Thirtyish Beth smiles and gives her five-year-old daughter a squeeze.
“Gremlin, you know I will always take care of you.”
As we’ve heard Beth lie like she breathes, we doubt that, even if the little girl she named Barbara but calls “Birdy” doesn’t.
As we’ve seen Beth ditch her kid for weeks with her brother and his wife, not telling them she was laid off from her job, lost her apartment and has been living in her VW Tiguan on the unwelcoming streets of Beverly Hills, we know all about Beth’s denial.
A single mom who IDs calls from her ex baby daddy “DO NOT ANSWER,” unemployed and compulsively shopping online, keeping up appearances at the kid’s private school where tuition is overdue, showering and dressing in public toilets for job interviews, we can appreciate Beth’s juggling and struggling and still have zero confidence that she has the wherewithal to keep all these balls in the air.
Vivian Kerr stars as Beth, a woman who can’t help but feel like “Scrap” in the slight but engaging indie dramedy she wrote and directed, based on a short film Kerr wrote and starred in a few years back
It’s a character study of two characters — Beth and her popular novelist and ever-enabling older brother (Anthony Rapp) — and a downbeat look at a downward spiral that could hit anybody living paycheck to paycheck, no matter how white collar their career may seem.
Kerr’s Beth is scrappy, proud and yet easy to judge. Her brother’s wife (Lana Parilla) sees how much Ben gave up to raise her after their parents died, and mutters “boundaries” at every boundary BEth crosses and every imposition Beth carelessly tosses their way.
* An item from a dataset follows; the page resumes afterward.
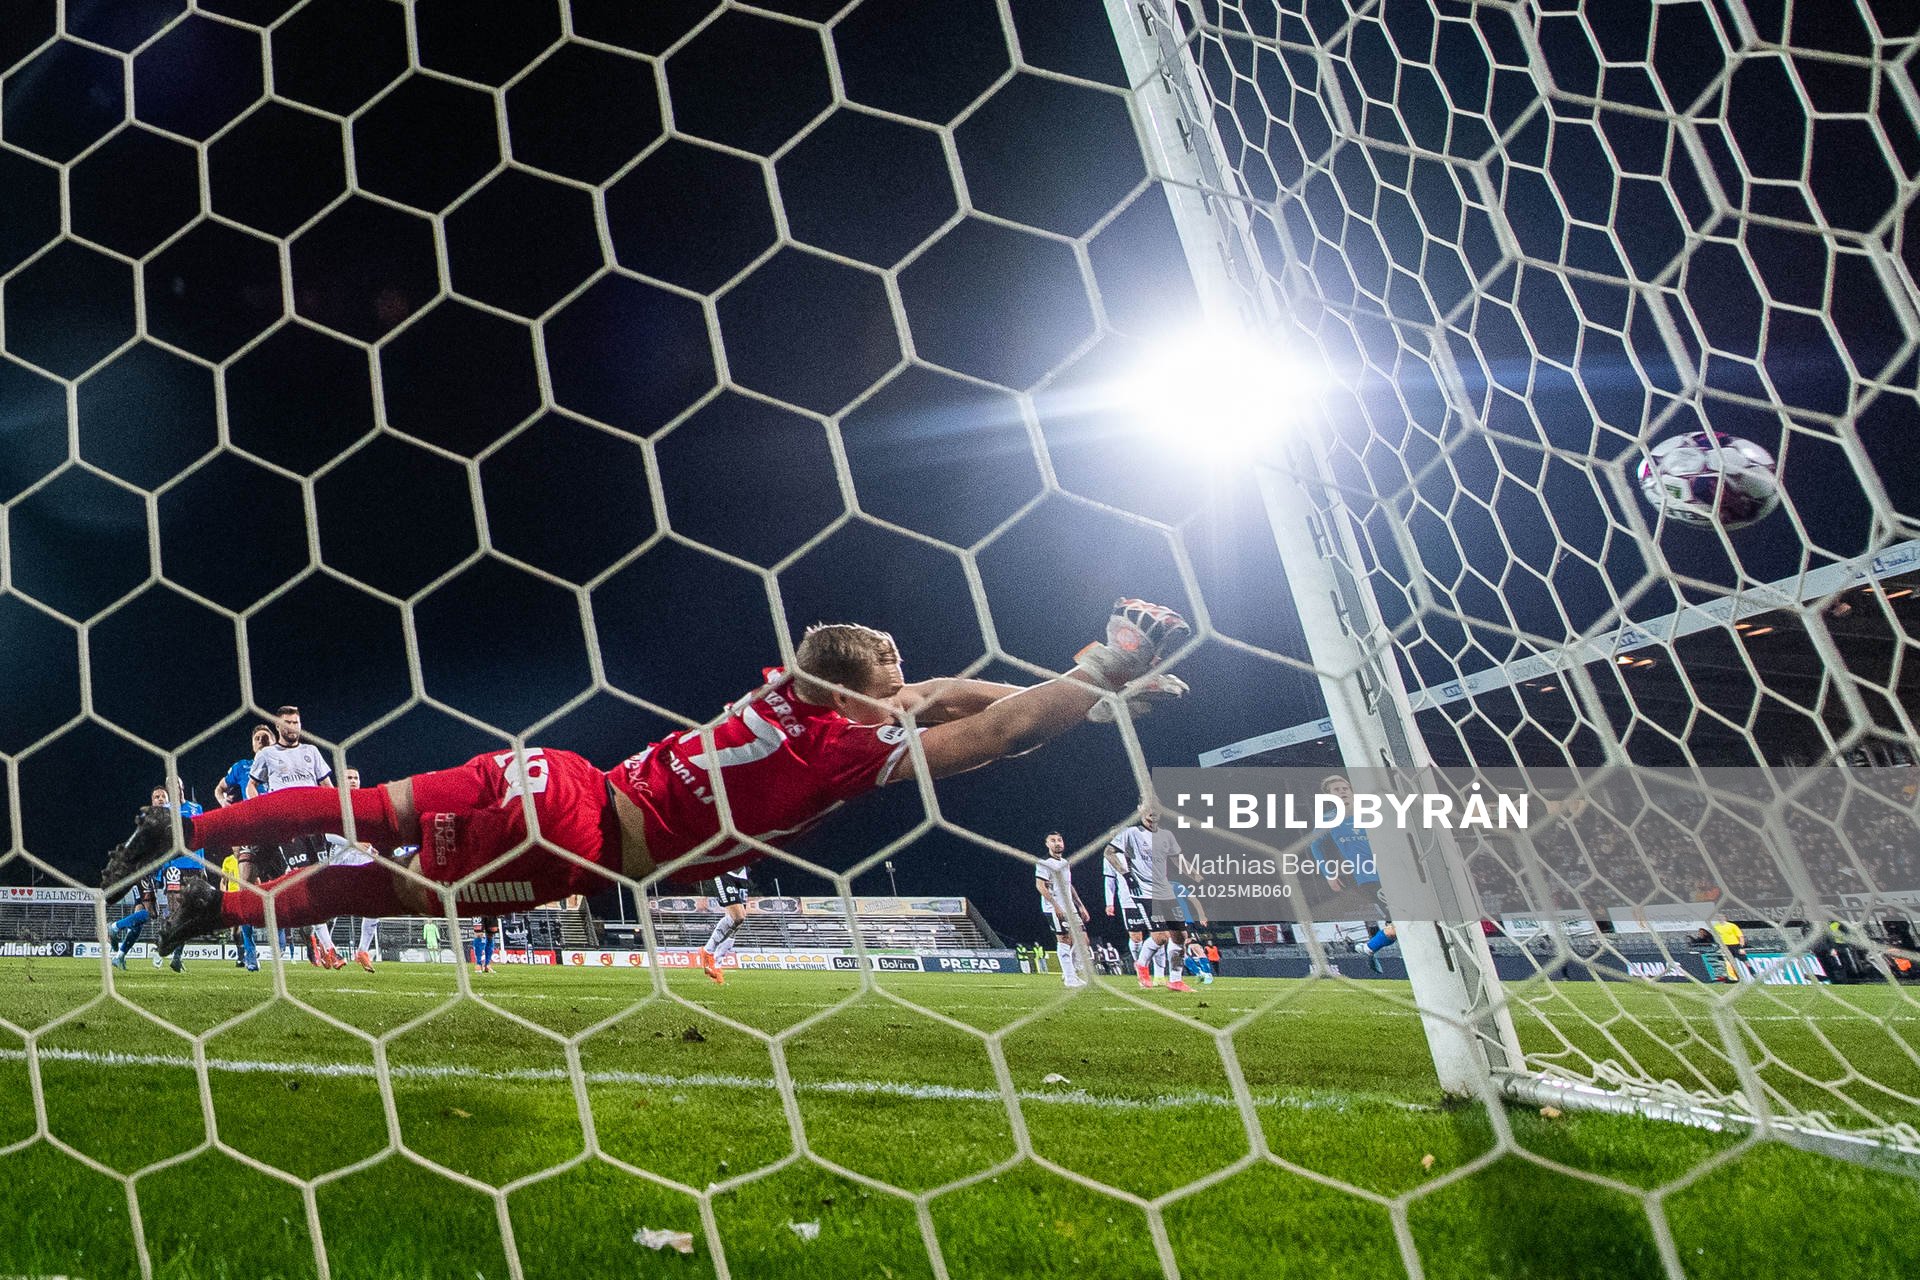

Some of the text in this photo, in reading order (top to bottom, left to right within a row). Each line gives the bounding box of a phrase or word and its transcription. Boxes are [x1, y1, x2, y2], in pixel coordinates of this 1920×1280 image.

[36, 890, 95, 901] HALMSTA
[183, 948, 219, 958] ygg Syd
[656, 954, 689, 965] enta
[939, 958, 1001, 970] PREFAB
Birdy (Julianna Layne) is staying with them while Beth is on “a business trip” to Atlanta, a trip that’s a lie which they’re none the wiser about despite Beth’s repeated “it ran long” excuses. When Beth “gets back” she moves in, as well.
Ben, trying to find the stamina to finish off his best-selling “Oracle” fantasy series when he’d rather be “another white guy” publishing another Billie Holiday biography, and struggling to conceive with lawyer-wife Stacey, has his suspicions about Beth. He knows her better than anybody, after all.
But he’s seen worse, and if he can’t make her own-up to her responsibilities and level with him today, maybe tomorrow will be different.
“Scrap,” a film festival darling, features good, little-heralded actors playing “types” covering a lot of familiar and predictable ground. The guilt-stricken ex (Brad Schmidt), the cute skating rink manager (Khleo Thomas) suggesting openings at “the outlet mall” to the unemployed “public releations professional,” the overly-made-up LA job interviewer, the vapid former colleague all have their place and arrive at almost pre-ordained moments.
A nice Angelino asks homeless Beth “Are you all right?” So a cranky home owner is sure to follow and call the police on her for squatting (literally) in his subdivision.
But formulaic limitations aside, Kerr and Rapp really click as siblings who know which buttons to push and which scenic locations will trigger flashbacks. Parilla brings a compassion to the stressed-as-it-is sister-in-law that’s heartening to see.
And Kerr carries her film with an alternately empathetic and irritating pluck that makes you root for her and her “story,” even if she’s merely restating the tried, the true and the obvious for a new generation.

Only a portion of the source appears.